To participate in the call, please dial 877-604-9673 (domestic)
or 719-325-4765 (international). The conference code is 6480352.
This call is being webcast and can be accessed on the Investor
Relations section of TheStreet website at
http://investor-relations.thestreet.com/events.cfm.
A replay of the webcast will be available approximately two
hours after the conclusion of the call and remain available for
approximately 90 calendar days.
About TheStreet
TheStreet, Inc. (NASDAQ: TST, www.t.st) is a leading
financial news and information provider to investors and
institutions worldwide. The Company's namesake
brand, TheStreet (www.thestreet.com), is in its third
decade of producing unbiased business news and market analysis
for individual investors. The Company's portfolio of institutional
brands includes The Deal (www.thedeal.com), which provides
actionable, intraday coverage of mergers, acquisitions and all
other changes in corporate control; BoardEx (www.boardex.com), a
relationship mapping service of corporate directors and officers;
and RateWatch (www.rate-watch.com), which supplies rate and fee
data from banks and credit unions across the U.S.

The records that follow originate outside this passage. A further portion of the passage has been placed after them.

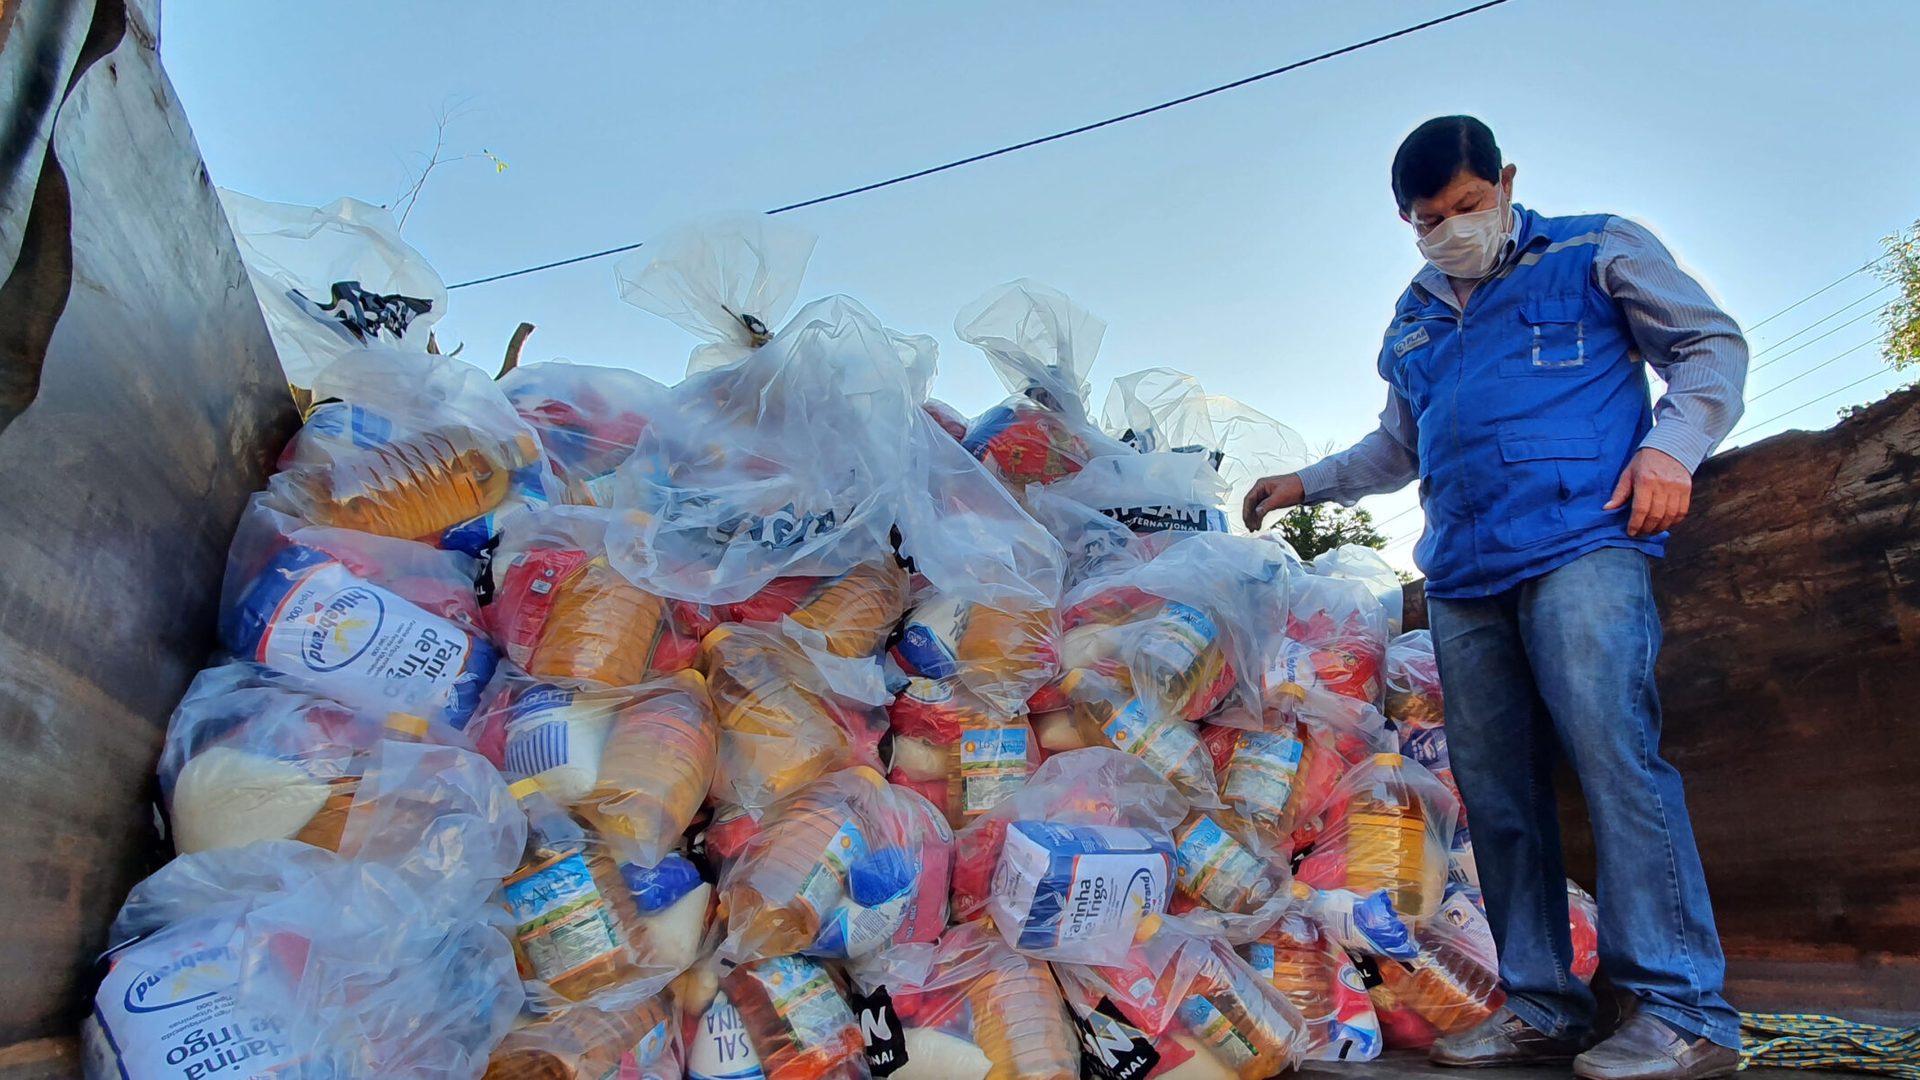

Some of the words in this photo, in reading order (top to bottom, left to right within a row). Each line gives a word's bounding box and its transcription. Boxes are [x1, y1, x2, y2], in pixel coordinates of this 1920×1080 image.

[297, 590, 315, 605] Tipo
[414, 628, 439, 655] de
[1085, 876, 1108, 921] Trigo
[1142, 876, 1152, 918] ebrand
[166, 1024, 253, 1065] Trigo
[714, 1031, 750, 1063] SAL

Non-GAAP Financial Information
(1) To supplement the Company's financial statements
presented in accordance with generally accepted accounting
principles ("GAAP"), the Company also uses "EBITDA" and "Adjusted
EBITDA", non-GAAP measures of certain components of financial
performance. "EBITDA" is adjusted from results based on GAAP
to exclude interest, income taxes, depreciation and
amortization. This non-GAAP measure is provided to enhance
investors' overall understanding of the Company's current financial
performance and its prospects for the future. Specifically,
the Company believes that the non-GAAP EBITDA results are an
important indicator of the operational strength of the Company's
business and provide an indication of the Company's ability to
service debt and fund acquisitions and capital expenditures.

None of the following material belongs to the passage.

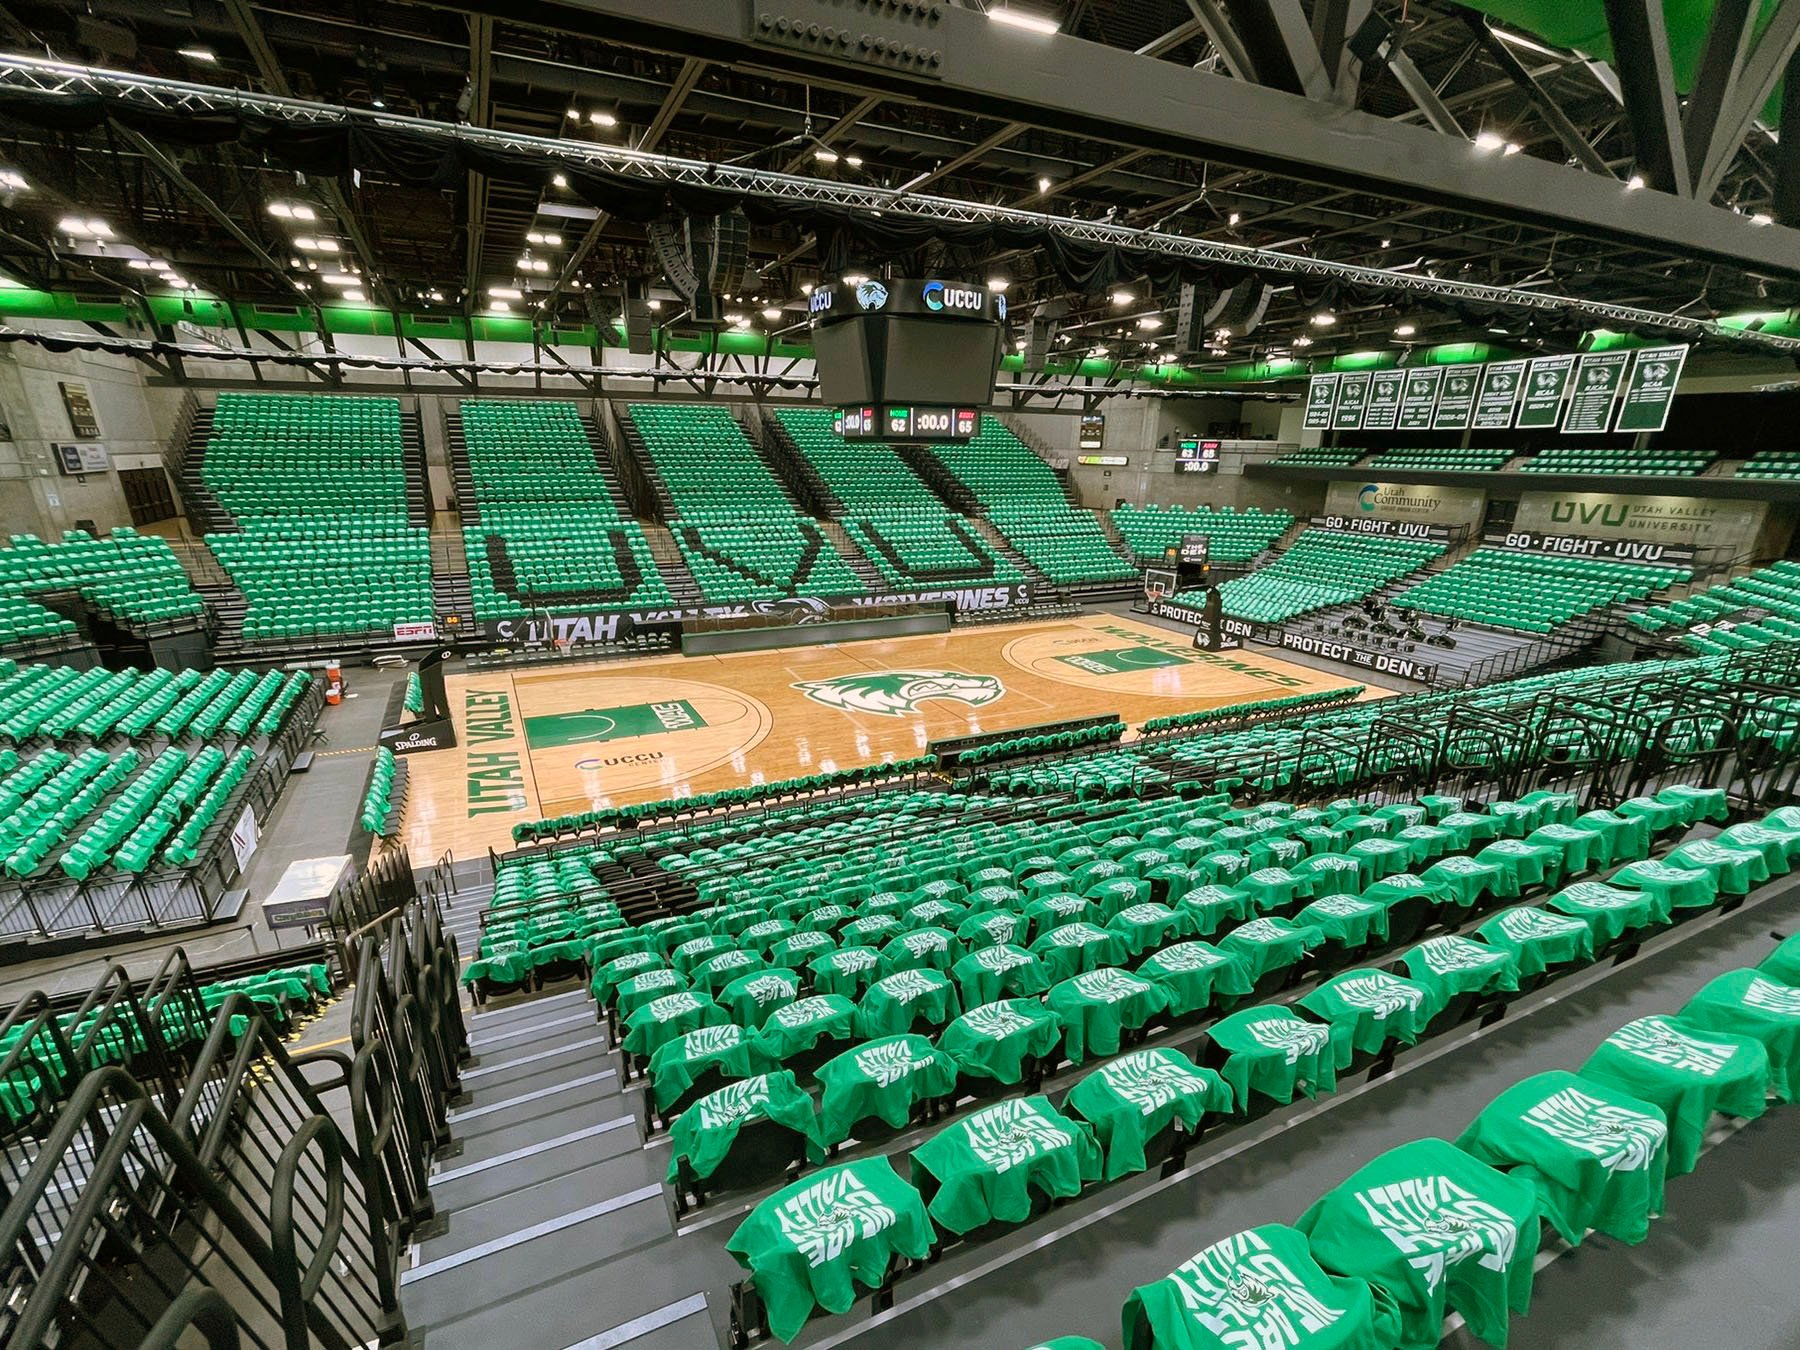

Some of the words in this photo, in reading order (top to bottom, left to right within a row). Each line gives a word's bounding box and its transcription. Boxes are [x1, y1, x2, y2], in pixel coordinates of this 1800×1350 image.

EBITDA eliminates the uneven effect of considerable amounts of
non-cash depreciation of tangible assets and amortization of
certain intangible assets that were recognized in business
combinations. "Adjusted EBITDA" further eliminates the impact
of non-cash stock compensation, impairment charges, restructuring,
transaction related costs, severance and other charges affecting
comparability. A limitation of these measures, however, is
that they do not reflect the periodic costs of certain capitalized
tangible and intangible assets used in generating revenues in the
Company's businesses. Management evaluates the investments in
such tangible and intangible assets through other financial
measures, such as capital expenditure budgets and investment
spending levels. "Free cash flow" means net income/loss plus
non-cash expenses net of gains/losses on dispositions of assets,
less changes in operating assets and liabilities and capital
expenditures. The Company believes that this non-GAAP
financial measure is an important indicator of the Company's
financial results because it gives investors a view of the
Company's ability to generate cash.
(2) Average monthly churn is defined as subscriber
terminations/expirations in the quarter divided by the sum of the
beginning subscribers and gross subscriber additions for the
quarter, and then divided by three. Subscriptions that are on
a free-trial basis are not regarded as added or terminated unless
the subscription is active at the end of the free-trial period.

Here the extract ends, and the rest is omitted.